The range of the feral hog in Texas has increased tremendously since the 1960’s. They have adapted to virtually all habitat types and climatic conditions. The population has increasingly multiplied increasingly as their range has expanded. The feral hog is an extremely wary and secretive creature whose adaptability and nocturnal habits have made it extremely difficult to accurately determine population status. Therefore, density estimates for the feral hog in Texas is purely speculative and based on an array of factors. Deer range and densities correlated with hog distribution, biological estimations based on interviews and actual census efforts were all incorporated to estimate the feral hog population in Texas at approximately one million animals (Taylor 1991).
The feral hog in Texas has increased in numbers and expanded its range for a number of reasons. Constant introductions throughout Texas coupled with the high reproductive rate of swine and limited hunting pressure are probably the most significant factors. Feeding and baiting wildlife is the primary hunting technique used by Texas hunters and feral hogs are utilizing this practice to their advantage. Feral hogs are also benefitting from changing agricultural and land practices (farmland conversion to rangeland, better land management and improved livestock grazing practices by landowners). Farming has become much more productive and efficient and utilized by hogs. Water conservation has also increased and water supplies from stocktanks, lakes, and irrigation have benefitted wild hogs.
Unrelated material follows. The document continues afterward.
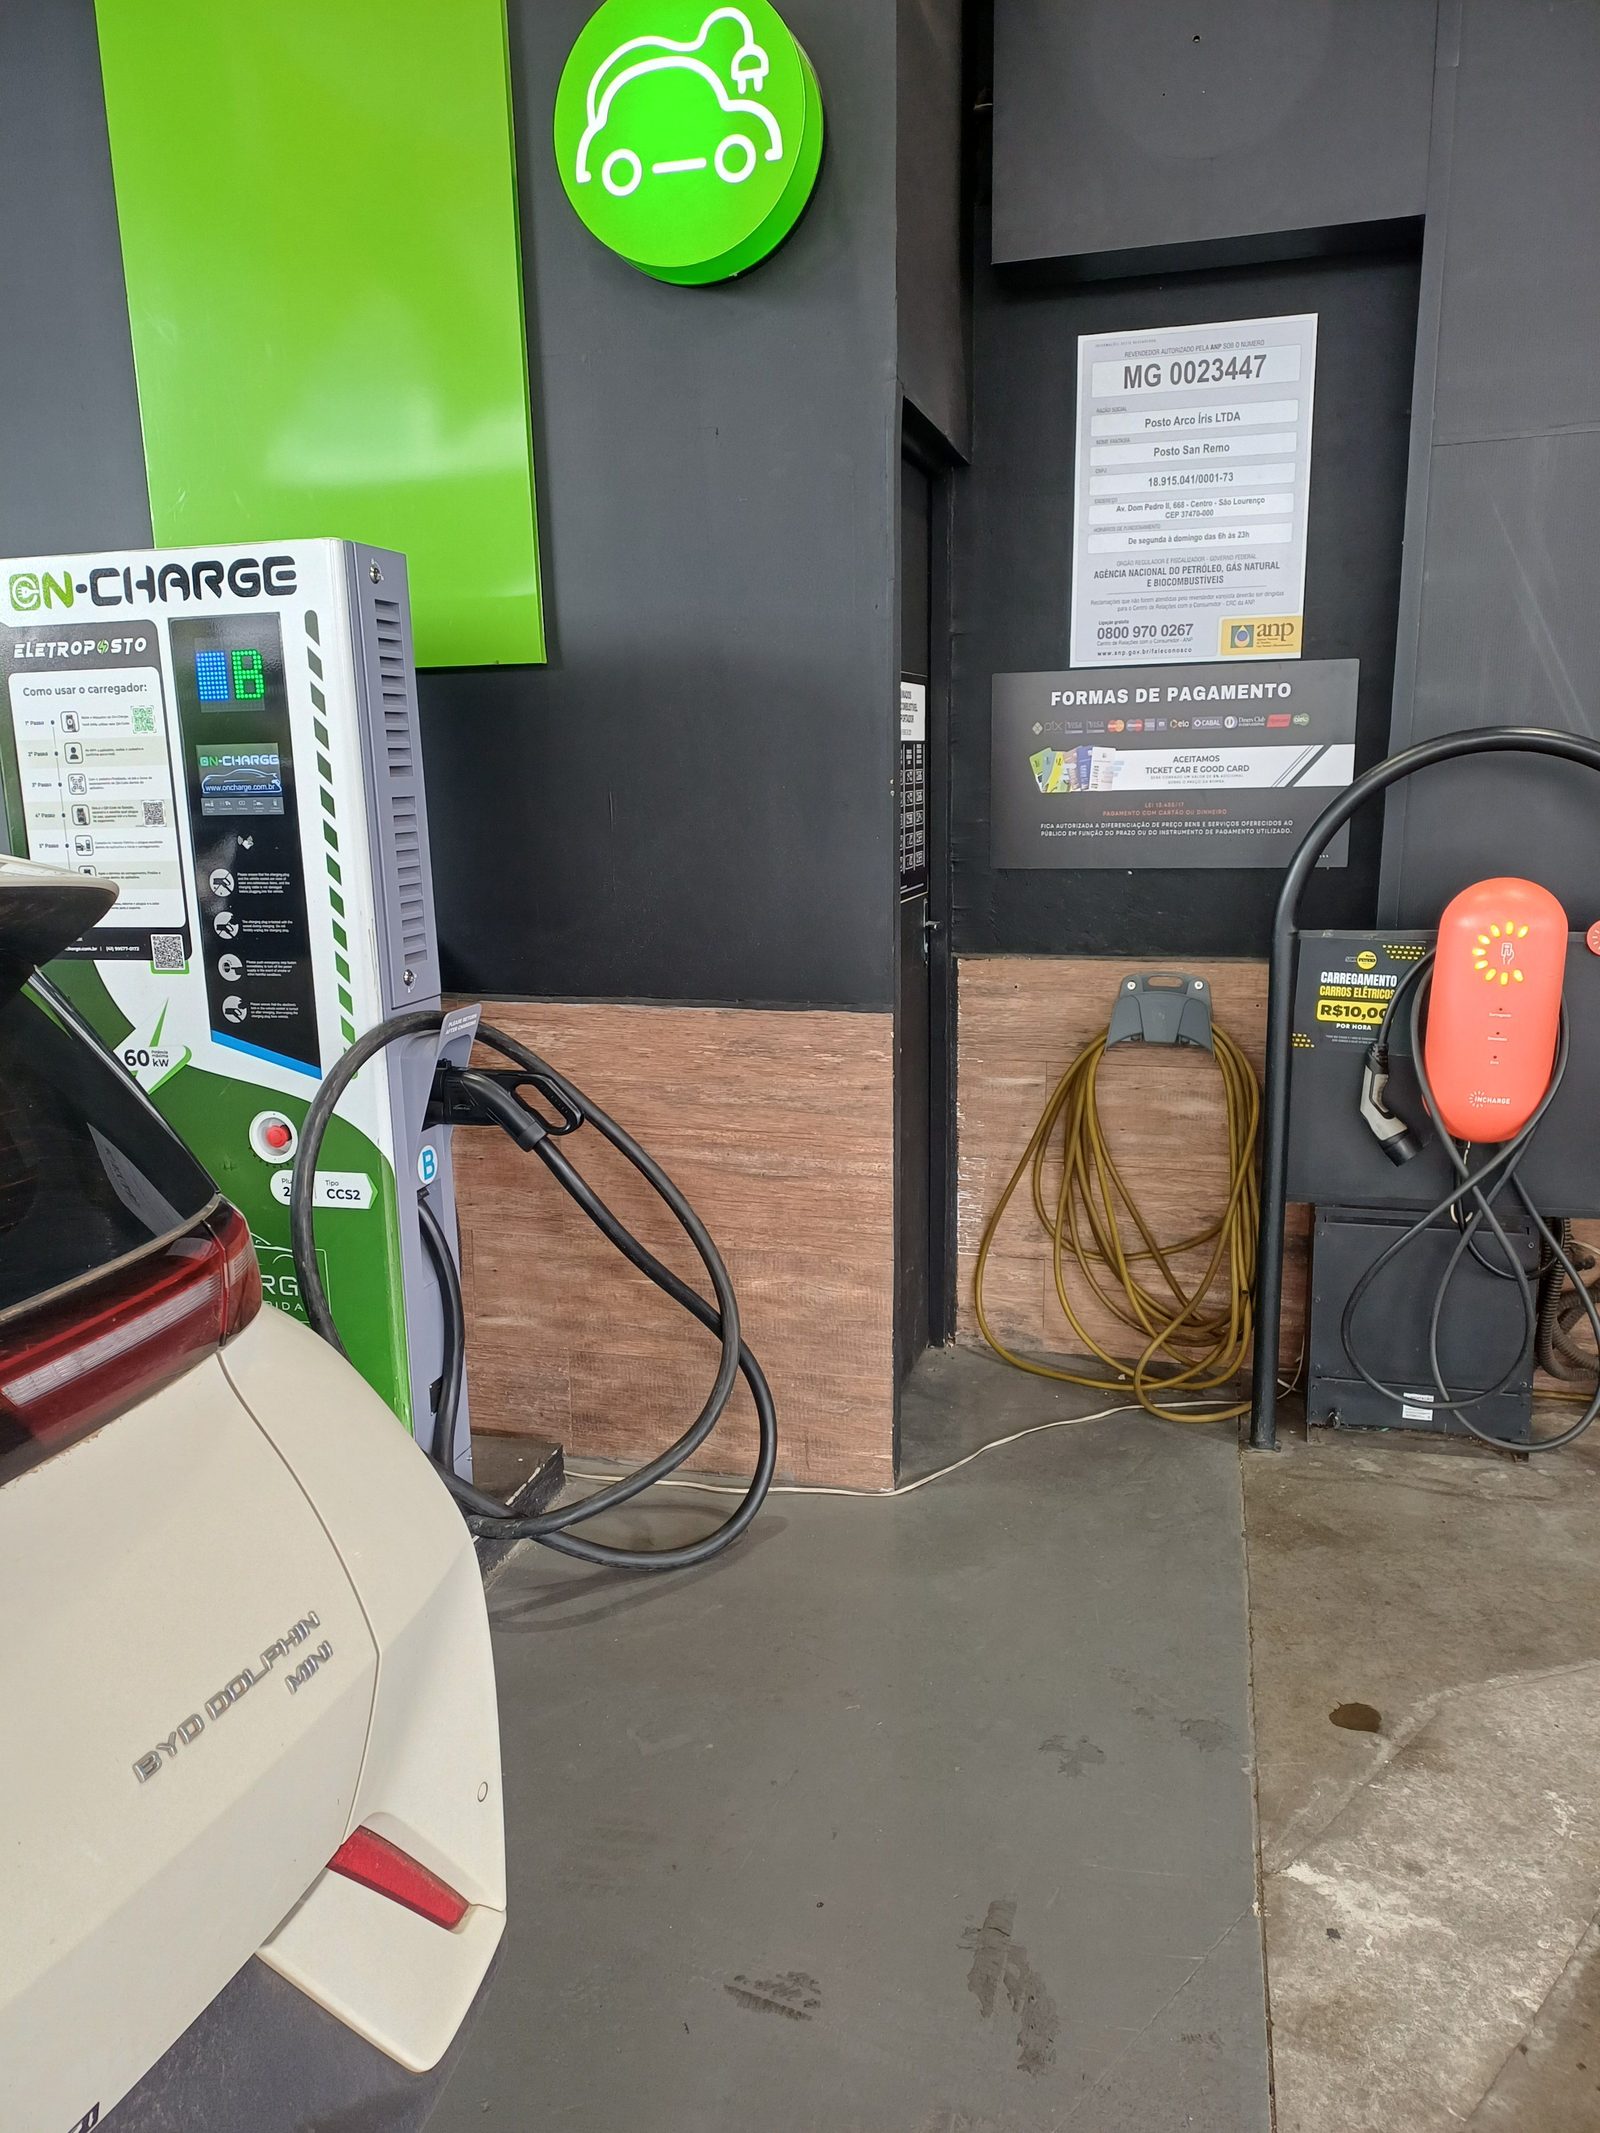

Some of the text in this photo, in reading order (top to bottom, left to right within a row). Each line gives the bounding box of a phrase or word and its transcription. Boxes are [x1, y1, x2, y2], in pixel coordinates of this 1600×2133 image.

Diseases have historically helped keep the wild hog population in check. The eradication of the screworm has benefitted the wild hog as it did white-tailed deer. As commercial swine operators improved their operations and animal husbandry progressed, vaccinations curtailed most diseases among domestic breeds. These diseases could no longer be transmitted to a wild population which would then spread rapidly through that wild population. Now, commercial swine operator are fearful of diseases which the wild hogs can transmit to their commercial operation. In 1978, hog cholera, a deadly disease to hogs, was eradicated.
Hogs have been around Texas for many centuries but have increased substantially in the last few decades. It is obvious that they are an intregal part of Texas fauna, currently number two behind white-tailed deer in numbers. They are extremely wary and secretive, very adaptive to conditions, and are in Texas to stay.